■ EXERCISE OBJECTIVE ■
Leave out the pictures and repeat every record exactly.

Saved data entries

________________________

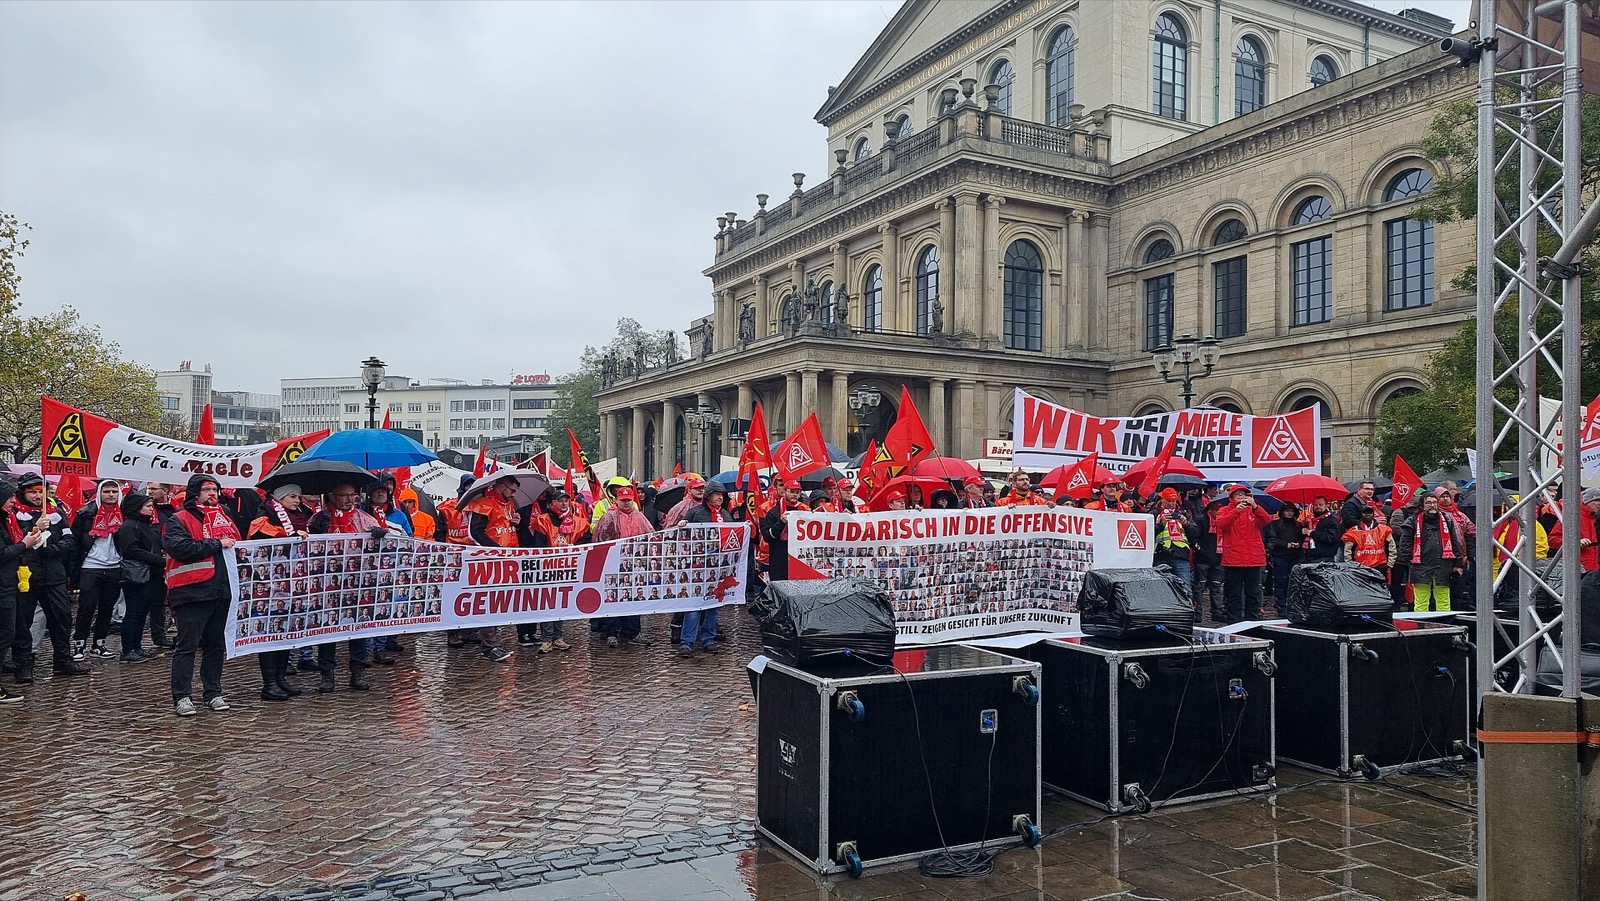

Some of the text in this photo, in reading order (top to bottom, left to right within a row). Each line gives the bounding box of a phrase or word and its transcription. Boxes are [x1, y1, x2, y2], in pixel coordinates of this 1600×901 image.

[1023, 397, 1121, 454] WIR
[1177, 411, 1243, 437] MIELE
[1122, 433, 1149, 457] IN
[55, 462, 92, 476] Metall
[113, 450, 253, 478] der Fa. Miele
[796, 513, 1094, 542] SOLIDARISCH IN DIE OFFENSIVE
[468, 560, 520, 586] WIR
[521, 557, 578, 571] BEI MIELE
[521, 569, 577, 583] IN LEHRTE
[921, 622, 946, 634] ZEIGEN
[948, 617, 979, 630] GESICHT
[981, 615, 997, 627] FÜR
[999, 613, 1026, 625] UNSERE
[1027, 612, 1073, 626] ZUKUNFT
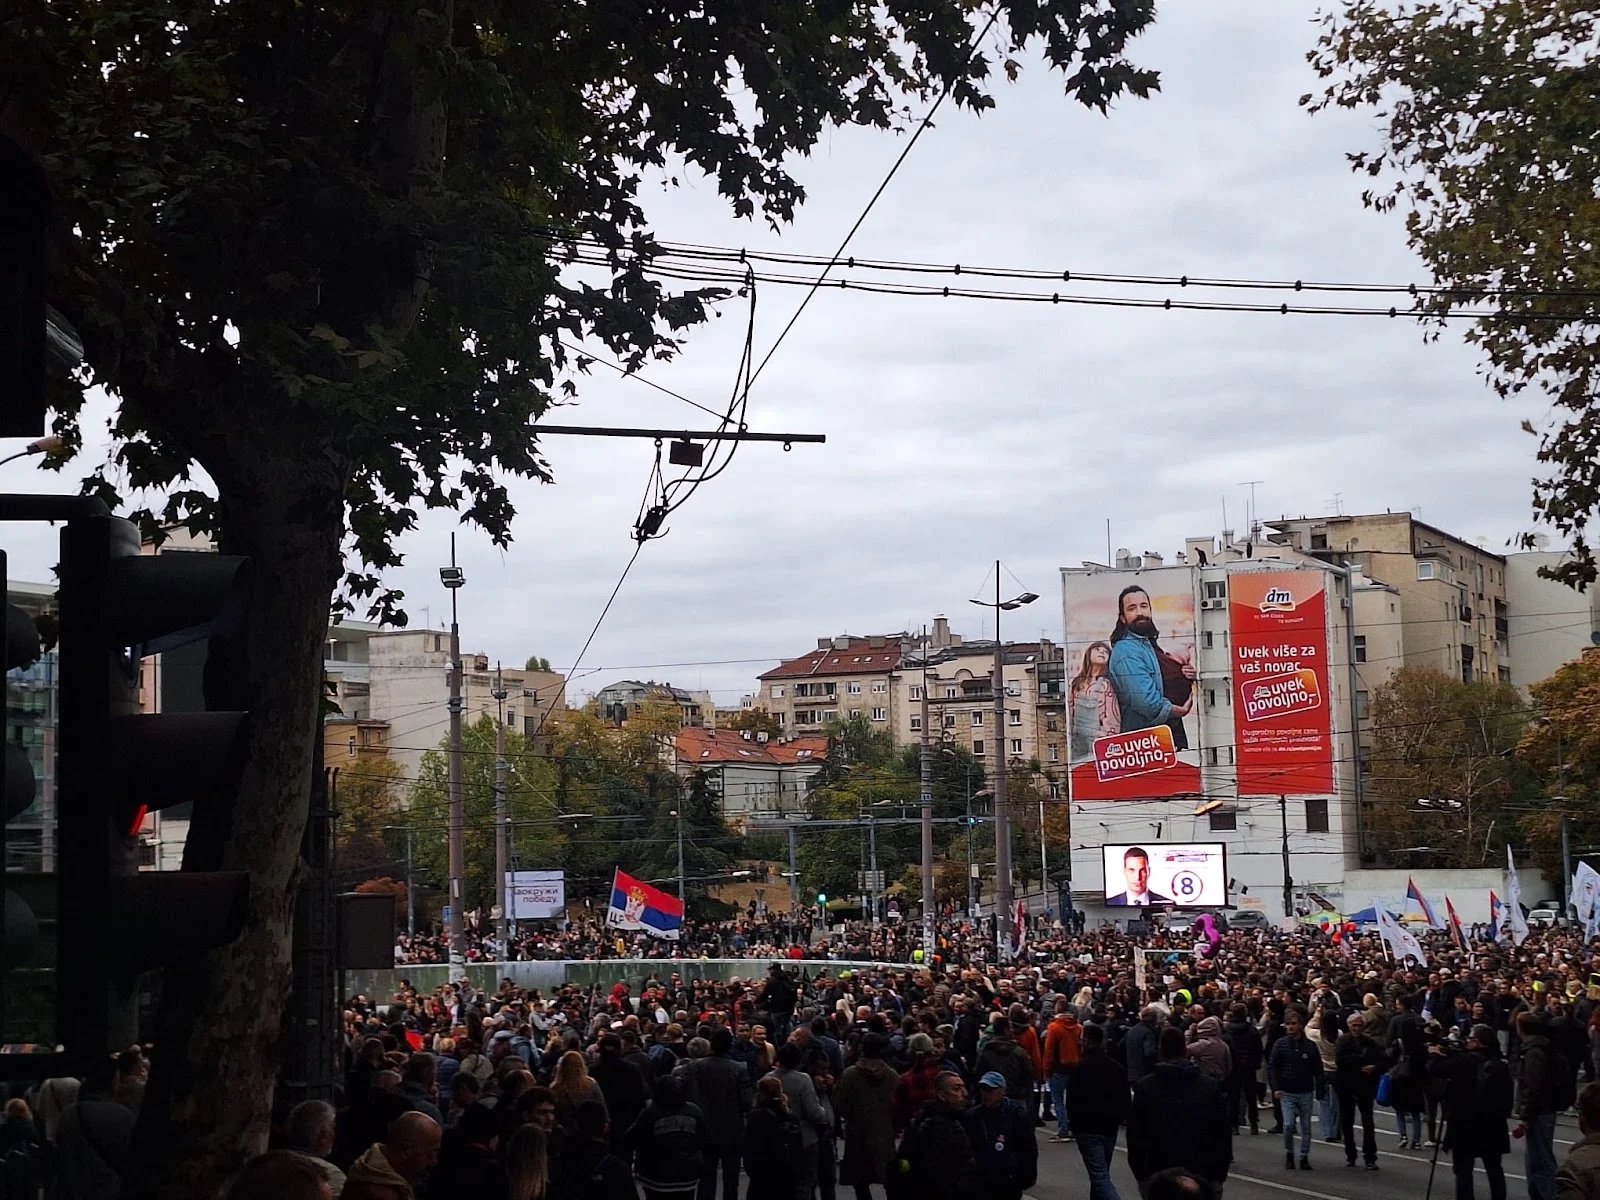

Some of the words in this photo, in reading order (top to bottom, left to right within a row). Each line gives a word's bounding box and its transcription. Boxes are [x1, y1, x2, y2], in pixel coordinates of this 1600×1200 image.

[1266, 589, 1290, 603] dm
[1238, 644, 1269, 659] Uvek
[1272, 644, 1298, 658] više
[1300, 645, 1316, 657] za
[1239, 660, 1261, 673] vaš
[1264, 661, 1301, 673] novac
[1271, 676, 1305, 694] uvek
[1124, 734, 1160, 752] uvek
[1180, 877, 1194, 895] 8

________________________

■ RESPONSE BELOW ■
Some of the text in this photo, in reading order (top to bottom, left to right within a row). Each line gives the bounding box of a phrase or word and its transcription. Boxes are [x1, y1, x2, y2], in pixel coordinates of this 1600×901 image.

[1023, 397, 1121, 454] WIR
[1177, 411, 1243, 437] MIELE
[1122, 433, 1149, 457] IN
[55, 462, 92, 476] Metall
[113, 450, 253, 478] der Fa. Miele
[796, 513, 1094, 542] SOLIDARISCH IN DIE OFFENSIVE
[468, 560, 520, 586] WIR
[521, 557, 578, 571] BEI MIELE
[521, 569, 577, 583] IN LEHRTE
[921, 622, 946, 634] ZEIGEN
[948, 617, 979, 630] GESICHT
[981, 615, 997, 627] FÜR
[999, 613, 1026, 625] UNSERE
[1027, 612, 1073, 626] ZUKUNFT

Some of the words in this photo, in reading order (top to bottom, left to right within a row). Each line gives a word's bounding box and its transcription. Boxes are [x1, y1, x2, y2], in pixel coordinates of this 1600×1200 image.

[1266, 589, 1290, 603] dm
[1238, 644, 1269, 659] Uvek
[1272, 644, 1298, 658] više
[1300, 645, 1316, 657] za
[1239, 660, 1261, 673] vaš
[1264, 661, 1301, 673] novac
[1271, 676, 1305, 694] uvek
[1124, 734, 1160, 752] uvek
[1180, 877, 1194, 895] 8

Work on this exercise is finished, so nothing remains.